From the unassembled position illustrated in FIG. 14 of the drawings, the gate side 36 can be moved into engagement with the end side 22 so that the tongue 61 of stop 59 engages channel 62 of plate 58. It will be apparent that when bolt 64 remains in the retracted position as illustrated in FIG. 15 of the drawings, that the angle member 59 and the plate 58 function exactly the same as the catch feature described earlier in connection with catch 47. The cooperation of the stop 59 and the plate 58 will prevent the end side 22 from being moved in the arrow direction of FIG. 15 out of engagement with the gate side 36. This movement is prevented because the tongue 61 engages channel 62 of the plate 58 and prevents end side 22 from disengaging gate side 36, thus locking the end side 22 to the gate side 36. When lever 72 is released, the spring 66 will force bolt 64 to the right as illustrated in FIG. 15 of the drawings so that it passes through opening 69 and then through opening 67 of tongue 61. With bolt 64 thus in position, the latch lever 72 will be rotated back into position illustrated in FIG. 13 of the drawings and the bolt 64 likewise will be engaged as illustrated in FIG. 13 of the drawing. This locks the gate side 36 to the end side 22 so that the gate side 36 cannot move in the arrow direction 50 illustrated in FIG. 13 of the drawings without first operating lever 72 to move bolt 64 out of engagement with the plate 58.
Thus, it will be apparent that the locking or latch mechanism 57 provides two functions. First, it locks the end side 22 to the gate side 36 so that force applied to the end side 22 as illustrated in FIG. 15 of the drawings will not permit the end side 22 from moving out of the locking engagement with the gate side 36. Secondly, the latching mechanism 57 prevents the gate side 36 from moving in the arrow direction as illustrated in FIG. 13 and, thereby, preventing disengagement of the gate side 36 from end side 22.
A locking mechanism 57 is provided on each edge of the gate side 36 so that each edge of the gate side 36 is locked to the adjacent edge of the corresponding end sides 22.

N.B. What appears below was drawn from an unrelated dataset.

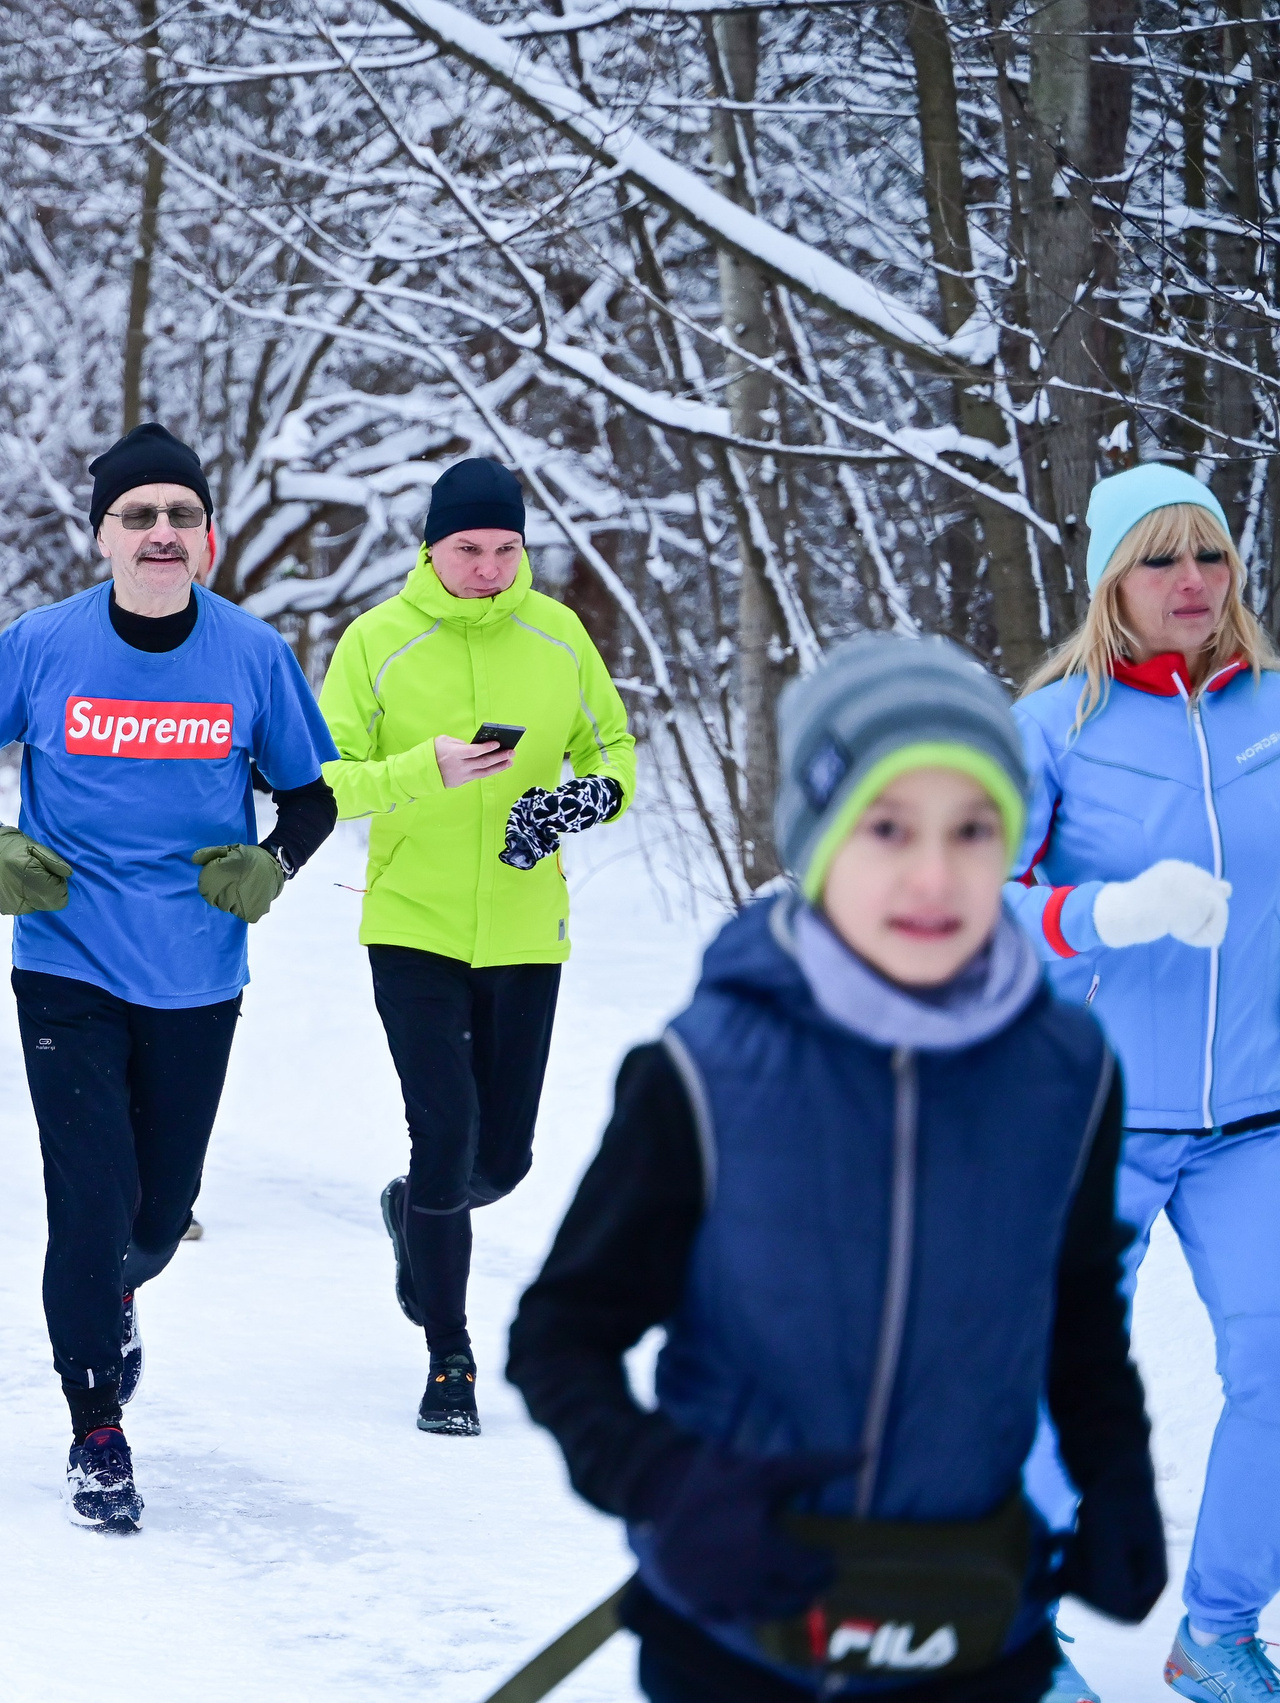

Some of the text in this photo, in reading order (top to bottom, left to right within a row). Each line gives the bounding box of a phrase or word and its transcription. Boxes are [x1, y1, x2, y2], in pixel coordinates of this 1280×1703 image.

An identical locking mechanism 57 is provided for gate side 39. The locking mechanisms 57, catch 47 and all other features described herein to lock gate side 39 into engagement with adjacent end side 22 and 23 are identical to those described in connection with gate side 36. When the gate sides 36 and 39 are engaged with end sides 22 and 23, the container thus assembled will appear as illustrated in FIGS. 1 and 4 of the drawings.
Large shipping containers and storage containers of the type contemplated by this invention present special storage and hauling problems for users. Typically, containers of the type utilized and contemplated by this invention occupy a great deal of storage space since the containers are not collapsible as set forth in this invention. Further, such containers when they are not made collapsible present inconvenience to the shipper and user at times when the container needs to be stored. These problems of disassembly for the purpose of storage or transportation in an empty condition are overcome in the present invention by providing end sides 22 and 23 and gate sides 36 and 39 which are hinged to permit easy collapse of the sides for storage or transportation in an empty condition.

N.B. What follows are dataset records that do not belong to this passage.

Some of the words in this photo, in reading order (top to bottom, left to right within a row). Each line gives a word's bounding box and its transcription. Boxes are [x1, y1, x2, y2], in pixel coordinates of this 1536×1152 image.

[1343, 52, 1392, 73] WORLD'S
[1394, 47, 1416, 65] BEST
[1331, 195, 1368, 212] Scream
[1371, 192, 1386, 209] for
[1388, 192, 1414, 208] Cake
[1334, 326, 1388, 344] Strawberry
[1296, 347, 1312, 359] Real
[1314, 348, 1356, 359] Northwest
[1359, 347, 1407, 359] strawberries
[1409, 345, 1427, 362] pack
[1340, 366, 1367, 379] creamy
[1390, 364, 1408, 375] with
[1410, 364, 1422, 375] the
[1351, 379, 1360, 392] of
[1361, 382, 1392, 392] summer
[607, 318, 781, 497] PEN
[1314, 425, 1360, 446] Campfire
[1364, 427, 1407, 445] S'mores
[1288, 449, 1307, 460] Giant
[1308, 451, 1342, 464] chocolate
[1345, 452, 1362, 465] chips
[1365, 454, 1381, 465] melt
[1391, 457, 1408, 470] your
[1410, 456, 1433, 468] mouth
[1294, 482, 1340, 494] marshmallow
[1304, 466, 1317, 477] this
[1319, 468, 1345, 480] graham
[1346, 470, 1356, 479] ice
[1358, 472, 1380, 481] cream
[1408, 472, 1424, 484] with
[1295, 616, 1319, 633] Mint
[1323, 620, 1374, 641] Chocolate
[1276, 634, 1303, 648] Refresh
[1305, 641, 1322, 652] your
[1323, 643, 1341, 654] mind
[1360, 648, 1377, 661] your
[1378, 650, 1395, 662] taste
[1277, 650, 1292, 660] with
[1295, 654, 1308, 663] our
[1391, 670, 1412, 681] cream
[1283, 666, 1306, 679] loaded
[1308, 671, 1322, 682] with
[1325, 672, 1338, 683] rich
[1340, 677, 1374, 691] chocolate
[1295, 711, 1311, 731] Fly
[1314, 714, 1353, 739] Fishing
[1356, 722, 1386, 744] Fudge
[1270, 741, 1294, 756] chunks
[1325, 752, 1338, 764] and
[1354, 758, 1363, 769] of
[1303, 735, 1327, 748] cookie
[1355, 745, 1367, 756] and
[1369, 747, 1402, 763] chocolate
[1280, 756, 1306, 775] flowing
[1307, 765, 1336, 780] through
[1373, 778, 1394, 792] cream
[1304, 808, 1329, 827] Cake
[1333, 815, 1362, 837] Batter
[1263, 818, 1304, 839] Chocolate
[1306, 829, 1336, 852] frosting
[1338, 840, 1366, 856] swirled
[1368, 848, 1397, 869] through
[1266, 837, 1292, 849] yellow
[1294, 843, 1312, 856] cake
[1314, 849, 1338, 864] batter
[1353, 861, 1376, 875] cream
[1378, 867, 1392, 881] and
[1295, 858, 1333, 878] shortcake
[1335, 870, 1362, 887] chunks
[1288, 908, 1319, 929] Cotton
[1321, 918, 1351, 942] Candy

The container 21, in a collapsed condition for storage or transportation while the container 21 is empty, is illustrated in FIG. 16 of the drawings. In order to collapse the container 21 as illustrated in FIG. 16, the gate wall 36 is provided with a hinged joint 76. Gate side 39 also has an identical hinged joint 77.
In order to collapse the upper section 78 and 79 of gate sides 36 and 39, (FIG. 3) respectively, the latch mechanisms 57 on each of the gate sides are disengaged so that the gate sides 36 and 39 will be disengaged from end sides 22 and 23. This disengaged condition of latched mechanism 57 is illustrated in FIG. 14 of the drawings.

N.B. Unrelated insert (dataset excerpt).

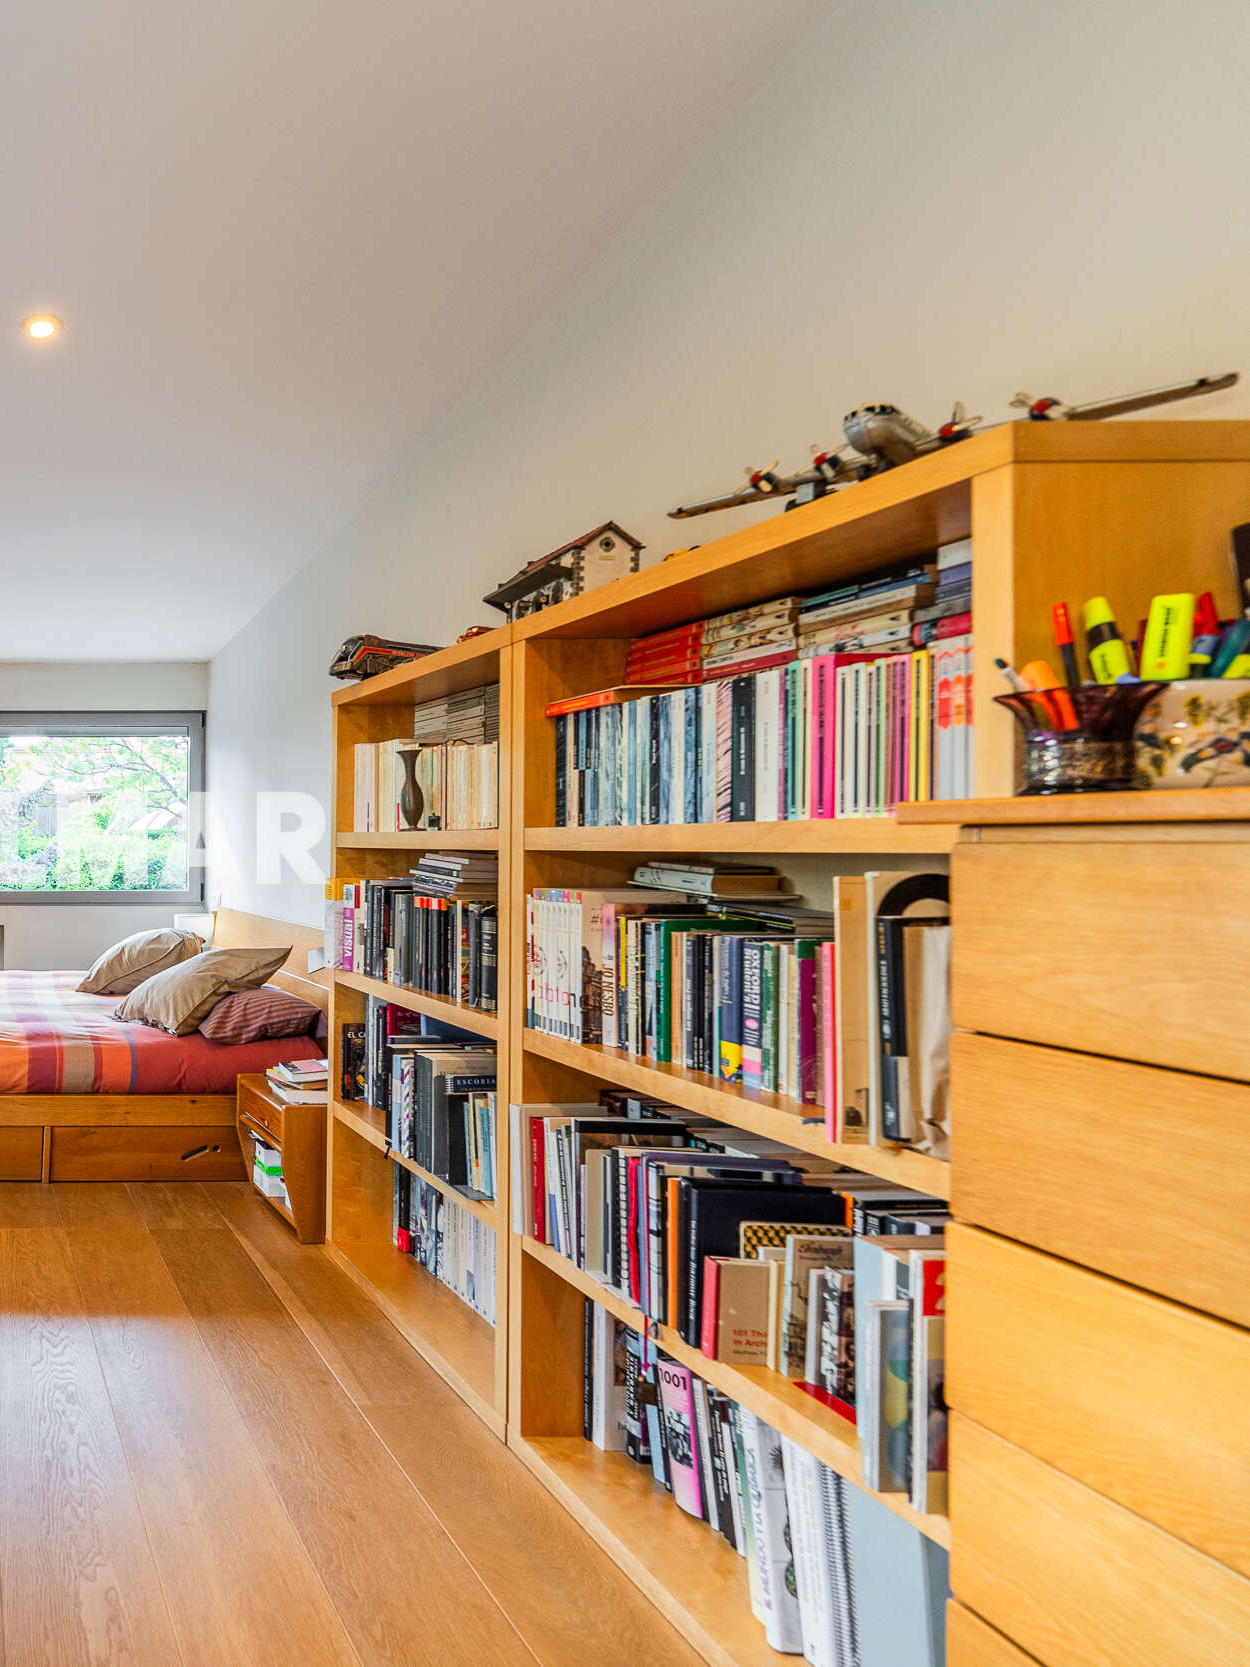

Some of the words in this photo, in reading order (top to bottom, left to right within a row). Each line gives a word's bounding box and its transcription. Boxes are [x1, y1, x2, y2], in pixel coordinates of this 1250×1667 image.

When the latch mechanisms 57 are in the retracted position moving bolt 64 out of engagement with the strike plate 58, the upper portions or sections 78 and 79 of gate sides 36 and 39, respectively, can be pushed inward toward the center of the container 21 so that the upper portion 72 lies upon the platform 26 of base 24. The upper portion 78 of gate side 36 will rotate along hinge joint 76 on hinges 81. Upper portion 78 will rotate about hinge 81 until the upper portion 78 is substantially parallel to the platform or planar support surface 26 of base 24.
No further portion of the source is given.